Restrictions or conditions on the development of land may amount to an indirect tax, fee, or charge. However, according to the statute's plain text, RCW 82.02.020 applies only to taxes, fees, or charges imposed by local political subdivisions, not the state. Isla Verde Int'l Holdings, Inc. v. City of Camas, 146 Wash.2d 740, 49 P.3d 867 (2002); Citizens' Alliance for Prop. Rights v. Sims, 145 Wash.App. 649, 187 P.3d 786 (2008), review denied, 165 Wash.2d 1030, 203 P.3d 378 (2009).

¶ 10 CRSP's complaint alleged that the buffer zone and buildable lot size restrictions in Whatcom County's amended SMP constitute a “facial violation” of RCW 82.02.020.5 CRSP advances two primary arguments. First, CRSP argues that the process by which an SMP is created requires significant local government involvement, thereby bringing SMP restrictions under the scope of RCW 82.02.020. For support, CRSP points to a specific section of the SMA and also to Ecology's administrative code. As additional support, CRSP argues that the Court of Appeals inappropriately relied on this court's precedent because legislative amendments in 1995 undermined the rationale of our holdings. Second, CRSP presents a narrower argument that several specific aspects of Whatcom County's SMP—namely its buffer zones and buildable lot size restrictions— are subject to RCW 82.02.020 because these particular restrictions mirror restrictions in Whatcom County's Critical Areas Ordinance (CAO).6

¶ 11 To begin, CRSP argues that the process in which an SMP is adopted shows that such regulations are inherently local activity subject to RCW 82.02.020. CRSP asserts that the SMA requires extensive involvement from local jurisdictions when creating an SMP. CRSP relies on a statute within the SMA, RCW 90.58.080(1), which states, Local governments shall develop or amend a master program for regulation of uses of the shorelines....” (Emphasis added.) CRSP also notes that Ecology's administrative code suggests that local government involvement is necessary for an SMP to conform to local conditions. WAC 173–26–171(2) (stating the SMA's purpose is to implement a ‘cooperative program ... between local government and the state and that [l]ocal government shall have the primary responsibility for initiating the planning required by the [SMA]).

¶ 12 In response, the State argues that the ultimate control over the process and contents of an SMP resides with Ecology. The State asserts that the SMA governs nearly every aspect of the adoption and amendment of SMPs and this determinatively shows that SMPs are the product of state action. We agree.

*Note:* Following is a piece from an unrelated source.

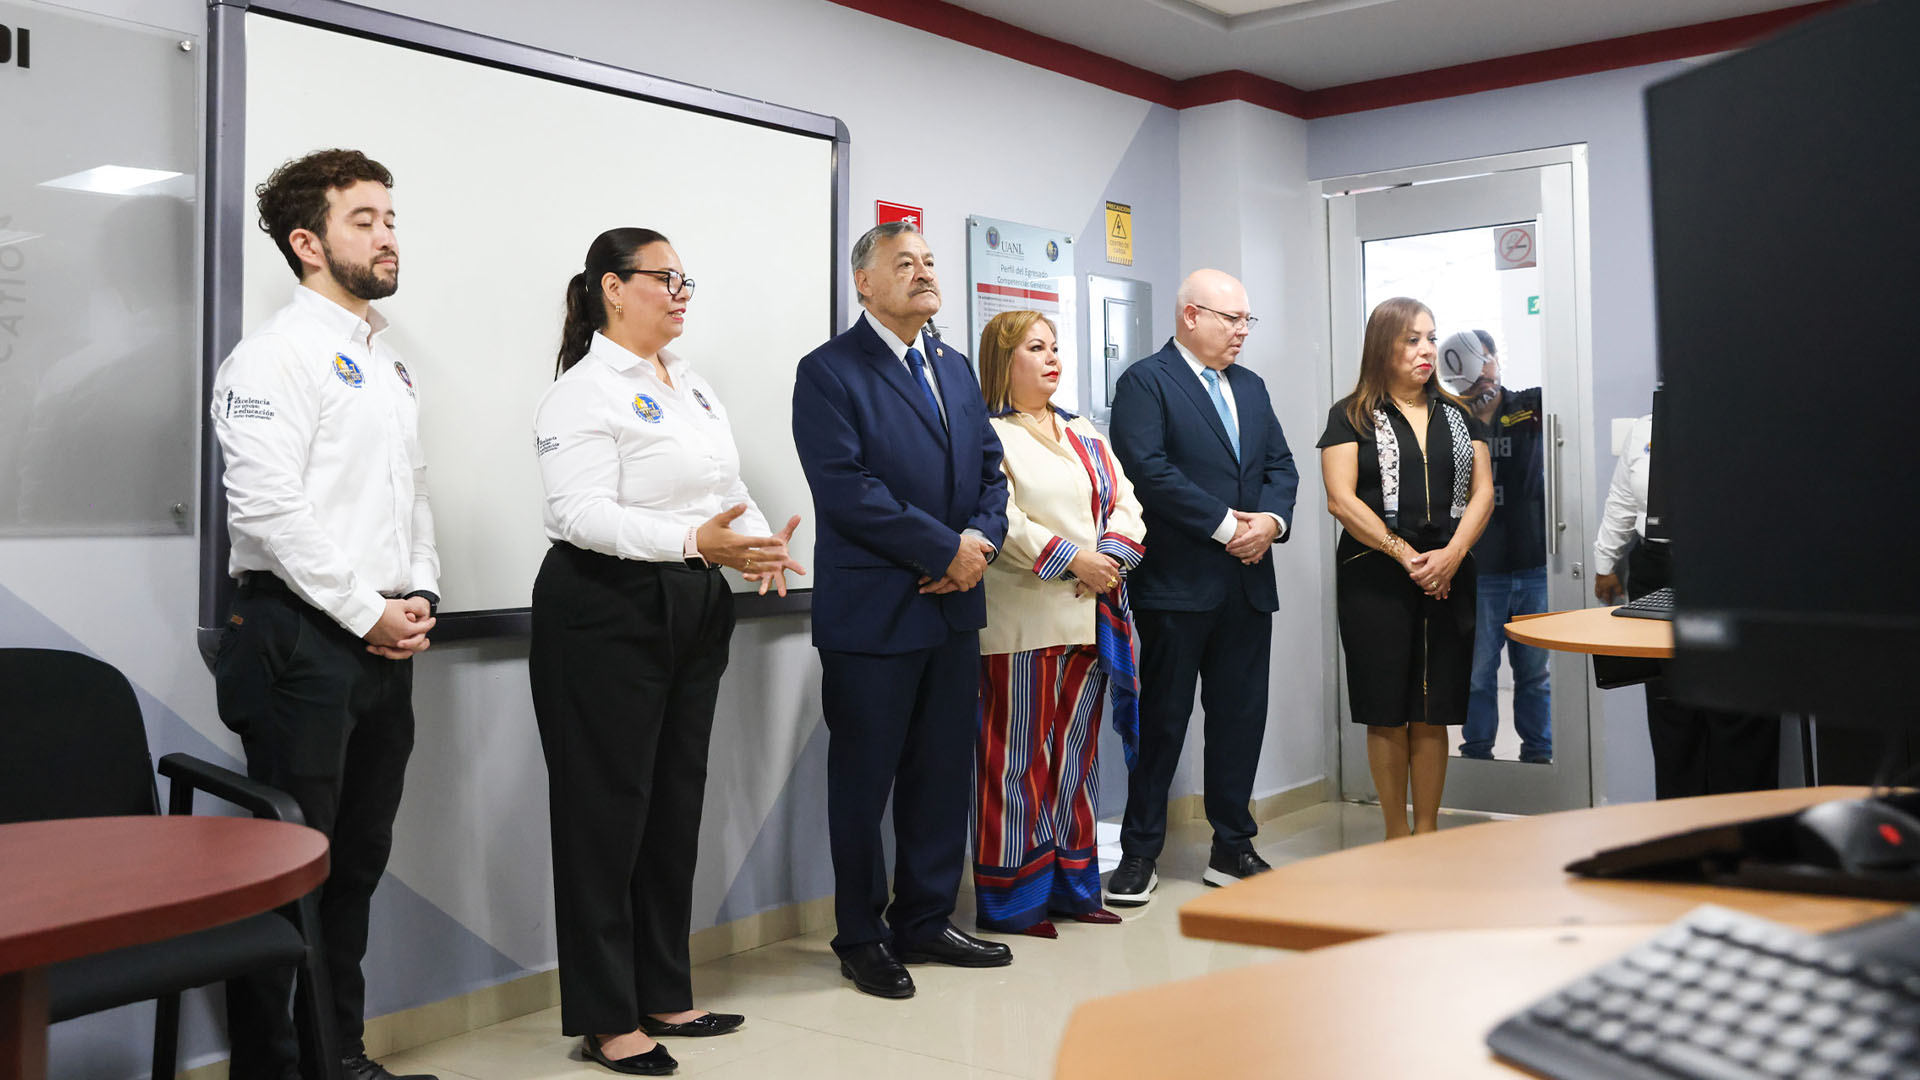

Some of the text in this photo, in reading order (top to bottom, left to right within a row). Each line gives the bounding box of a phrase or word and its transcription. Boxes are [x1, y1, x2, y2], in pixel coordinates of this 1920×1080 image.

[1001, 241, 1024, 255] UANL
[1000, 264, 1014, 274] Perfil
[1016, 266, 1024, 275] del
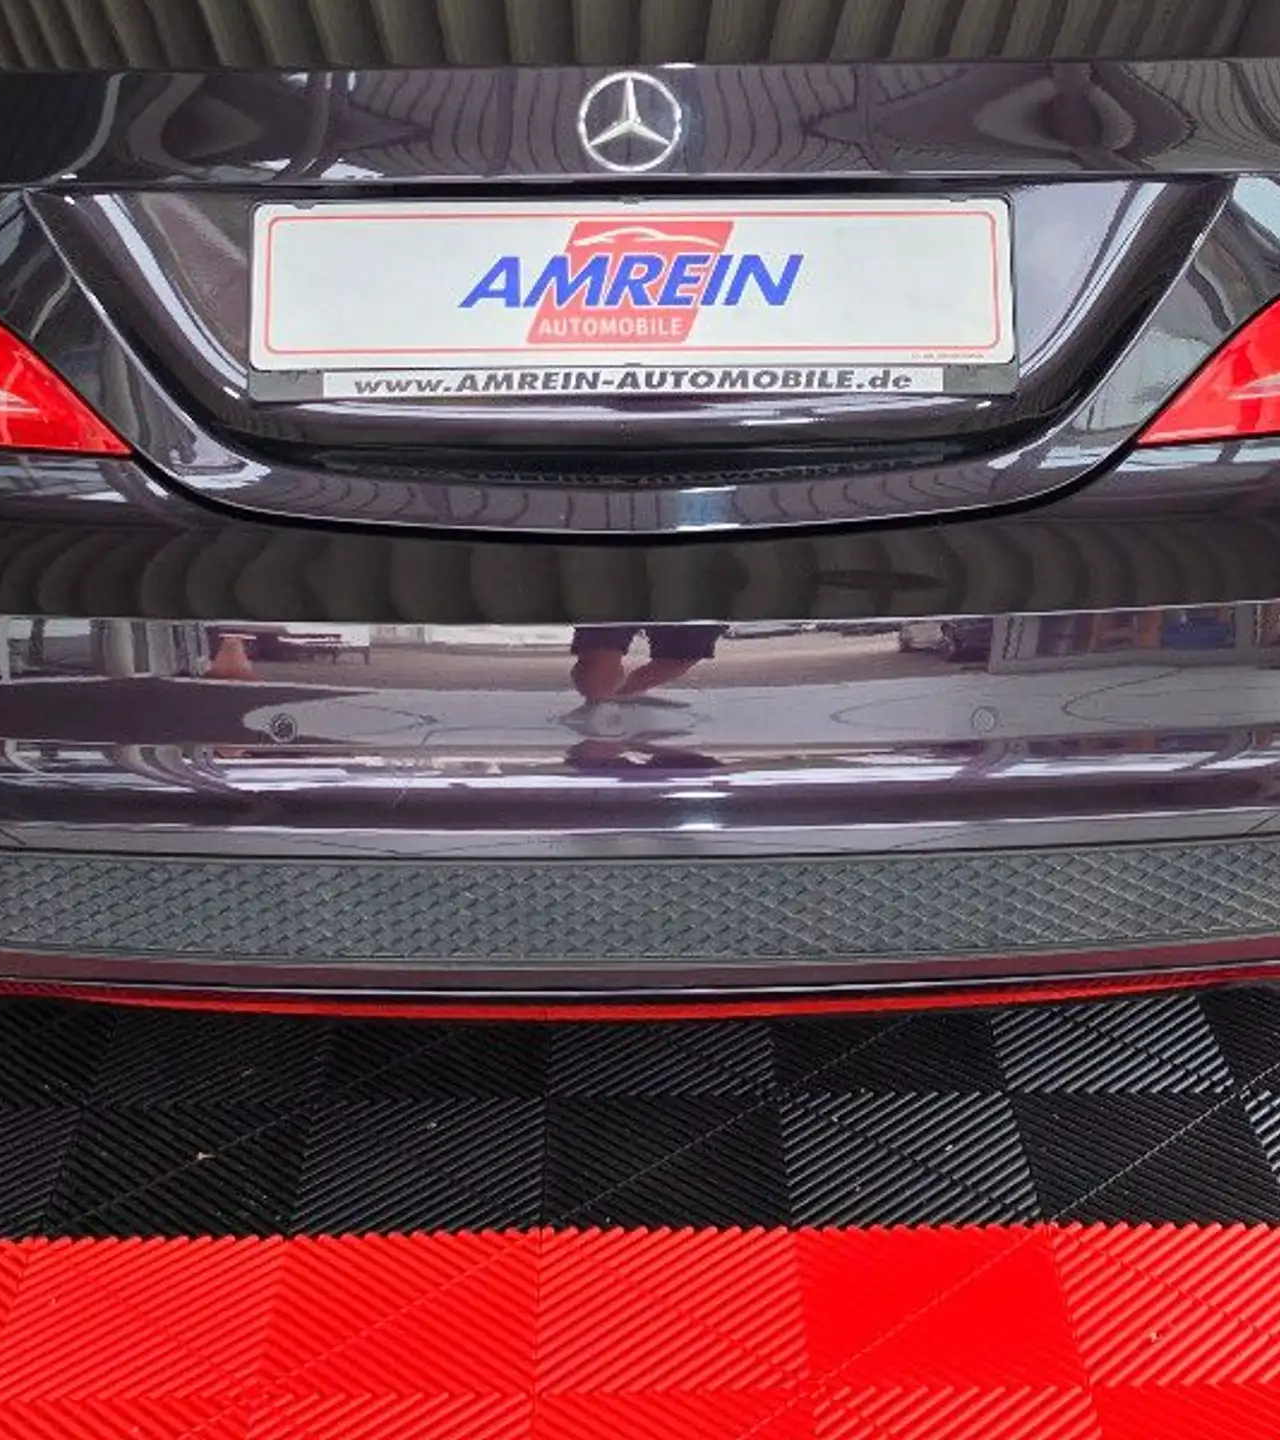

¶ 13 The SMA creates a comprehensive statutory framework dictating that Ecology retains control over the final contents and approval of SMPs. The SMA establishes specific schedule dates for jurisdictions to develop SMPs and mandates Ecology to create SMPs for noncomplying jurisdictions through an administrative process. See RCW 90.58.070. The SMA also details specific guidelines with which an SMP must conform. See RCW 90.58.060, .100. As empowered by the SMA, Ecology retains sole authority to review and accept a local jurisdiction's proposed SMP; a process that involves Ecology providing public notice, a comment period, and potentially holding public hearings. See RCW 90.58.090(2)-(6). Notably, Ecology is not...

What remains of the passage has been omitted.